At 36, when I started to refer to everything...even people as, "components" to x,y or z system and couldn't stop my mind from racing to connect and link everything I knew there was something seriously wrong. I started to feel like a machine and going crazy. I couldn't see people anymore just patterns of behavior. I couldn't feel anything just stimulation at the time and days later processing what it meant. I was operating on two brain platforms and could not connect the dots which just led the manic behavior to accelerate.
When I was diagnosed it was one of the best days of my life and my mom's. I was very lucky that I survived because I've been in some of the scariest situations in various parts of the world without ever realizing the danger or risk. I always viewed myself as a traditional woman and was so confused and upset by people's perceptions and treatment of me and my own failure to not have any insight into it.

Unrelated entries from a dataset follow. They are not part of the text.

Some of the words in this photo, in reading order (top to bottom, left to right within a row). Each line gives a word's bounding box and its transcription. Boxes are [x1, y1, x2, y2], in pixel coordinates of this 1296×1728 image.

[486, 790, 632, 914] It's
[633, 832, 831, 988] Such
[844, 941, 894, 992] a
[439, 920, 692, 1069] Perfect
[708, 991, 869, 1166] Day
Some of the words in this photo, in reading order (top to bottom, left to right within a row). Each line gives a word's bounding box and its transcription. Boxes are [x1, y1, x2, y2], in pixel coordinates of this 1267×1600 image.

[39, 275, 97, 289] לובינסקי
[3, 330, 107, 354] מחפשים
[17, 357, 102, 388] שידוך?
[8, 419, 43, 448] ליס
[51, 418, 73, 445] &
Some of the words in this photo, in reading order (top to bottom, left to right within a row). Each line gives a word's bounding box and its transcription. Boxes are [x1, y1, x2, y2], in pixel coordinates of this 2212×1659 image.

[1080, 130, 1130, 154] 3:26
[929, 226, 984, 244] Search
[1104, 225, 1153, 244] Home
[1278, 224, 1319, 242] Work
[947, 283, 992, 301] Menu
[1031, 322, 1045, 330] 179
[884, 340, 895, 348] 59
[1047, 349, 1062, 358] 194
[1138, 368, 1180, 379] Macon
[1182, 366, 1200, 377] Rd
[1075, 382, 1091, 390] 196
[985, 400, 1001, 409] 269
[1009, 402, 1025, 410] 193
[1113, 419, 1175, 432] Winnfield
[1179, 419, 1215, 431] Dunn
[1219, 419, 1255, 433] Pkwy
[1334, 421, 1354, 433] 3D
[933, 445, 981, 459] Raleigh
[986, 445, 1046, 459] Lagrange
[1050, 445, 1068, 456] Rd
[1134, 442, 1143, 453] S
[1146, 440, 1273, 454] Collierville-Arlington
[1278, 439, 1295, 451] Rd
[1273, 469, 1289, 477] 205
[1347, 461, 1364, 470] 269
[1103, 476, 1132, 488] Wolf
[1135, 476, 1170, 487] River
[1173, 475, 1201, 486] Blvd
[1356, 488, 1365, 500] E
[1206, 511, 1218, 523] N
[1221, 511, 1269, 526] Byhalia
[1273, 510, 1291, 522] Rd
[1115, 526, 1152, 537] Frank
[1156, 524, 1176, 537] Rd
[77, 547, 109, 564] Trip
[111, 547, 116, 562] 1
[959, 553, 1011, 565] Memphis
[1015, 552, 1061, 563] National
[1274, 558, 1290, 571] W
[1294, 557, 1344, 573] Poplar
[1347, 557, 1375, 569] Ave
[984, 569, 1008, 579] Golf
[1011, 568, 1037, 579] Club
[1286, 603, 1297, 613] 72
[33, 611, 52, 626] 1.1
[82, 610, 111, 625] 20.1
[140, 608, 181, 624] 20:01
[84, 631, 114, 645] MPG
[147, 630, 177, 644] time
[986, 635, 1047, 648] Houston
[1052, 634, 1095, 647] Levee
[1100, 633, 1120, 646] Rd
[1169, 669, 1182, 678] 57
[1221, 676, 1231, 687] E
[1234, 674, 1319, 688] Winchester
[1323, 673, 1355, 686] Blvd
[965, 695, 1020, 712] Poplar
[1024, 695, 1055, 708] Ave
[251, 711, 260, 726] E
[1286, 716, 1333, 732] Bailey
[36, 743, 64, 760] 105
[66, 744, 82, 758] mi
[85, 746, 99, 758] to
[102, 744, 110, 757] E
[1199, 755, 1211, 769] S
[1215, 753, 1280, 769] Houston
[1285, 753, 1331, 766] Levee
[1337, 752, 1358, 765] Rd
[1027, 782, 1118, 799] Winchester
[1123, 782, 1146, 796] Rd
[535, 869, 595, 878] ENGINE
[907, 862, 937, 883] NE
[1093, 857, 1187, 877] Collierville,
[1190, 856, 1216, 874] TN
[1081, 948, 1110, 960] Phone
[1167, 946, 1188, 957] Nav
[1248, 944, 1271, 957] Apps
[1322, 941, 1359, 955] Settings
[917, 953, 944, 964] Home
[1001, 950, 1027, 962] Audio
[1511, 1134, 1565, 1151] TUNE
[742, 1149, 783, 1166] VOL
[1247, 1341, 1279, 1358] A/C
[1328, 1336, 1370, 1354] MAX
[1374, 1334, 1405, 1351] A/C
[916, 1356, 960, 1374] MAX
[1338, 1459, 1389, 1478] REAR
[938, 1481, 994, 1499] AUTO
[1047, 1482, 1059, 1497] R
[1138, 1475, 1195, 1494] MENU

I've struggled through my whole treatment process; med's, psychiatrist, coaches, support system and moved forward with a healthy and wonderful relationship with a man who has ADD and a complete supportive understanding of what I face day to day. Just when I started to put my life together my boyfriend took a job in Hong Kong and we moved in together.
So I'm in Hong Kong having to start over and find a job, a new psychiatrist, routine while maintaining my old and new relationships.
The point of this email is to ask how can women deal with the guilt associated with making choices that aggravates ones condition where you have to rebuild your structure and opening up those wounds of dealing with your ADHD? I see that I'm dealing with the same "misperceptions" about who I really am. People in job interviews don't know "where I would fit in", "overly talented", "intimidating" because I'm "so diverse" as I've had a new job every two years specializing in a new field of operations. Then you have your social exchanges where you are perceived as someone with "amazing energy", "so charismatic" a "force of nature" but the reality is I am really reserved, introverted, self-doubting etc.
I know the truth...I have to rev myself up mentally each day to get out of bed. Without my meds, sometimes I feel so depressed because I can't see my "purpose" laid out in front of me. I have to have goals which are my structure in my life or else I feel so bleak and frozen in numbness. I feel like I'm addicted to the stimulation if I don't manage myself. Every feeling of negativity that creeps in must come with a mental coaching to myself that this is a temporary feeling and I will feel differently when the meds kick in, I exercise and eat a balanced meal. But it's exhausting to have to manage the "Ferrari brain with Chevrolet brakes" as Dr. Hallowell stated.
Do you have advice for someone to stop exhausting herself with her own mental coaching and analysis of her own condition? I want to lighten up but I'm afraid that my life will fall apart if I don't pay attention. My boyfriend listens, comforts and has
so much patience but I'm afraid I will wear him out.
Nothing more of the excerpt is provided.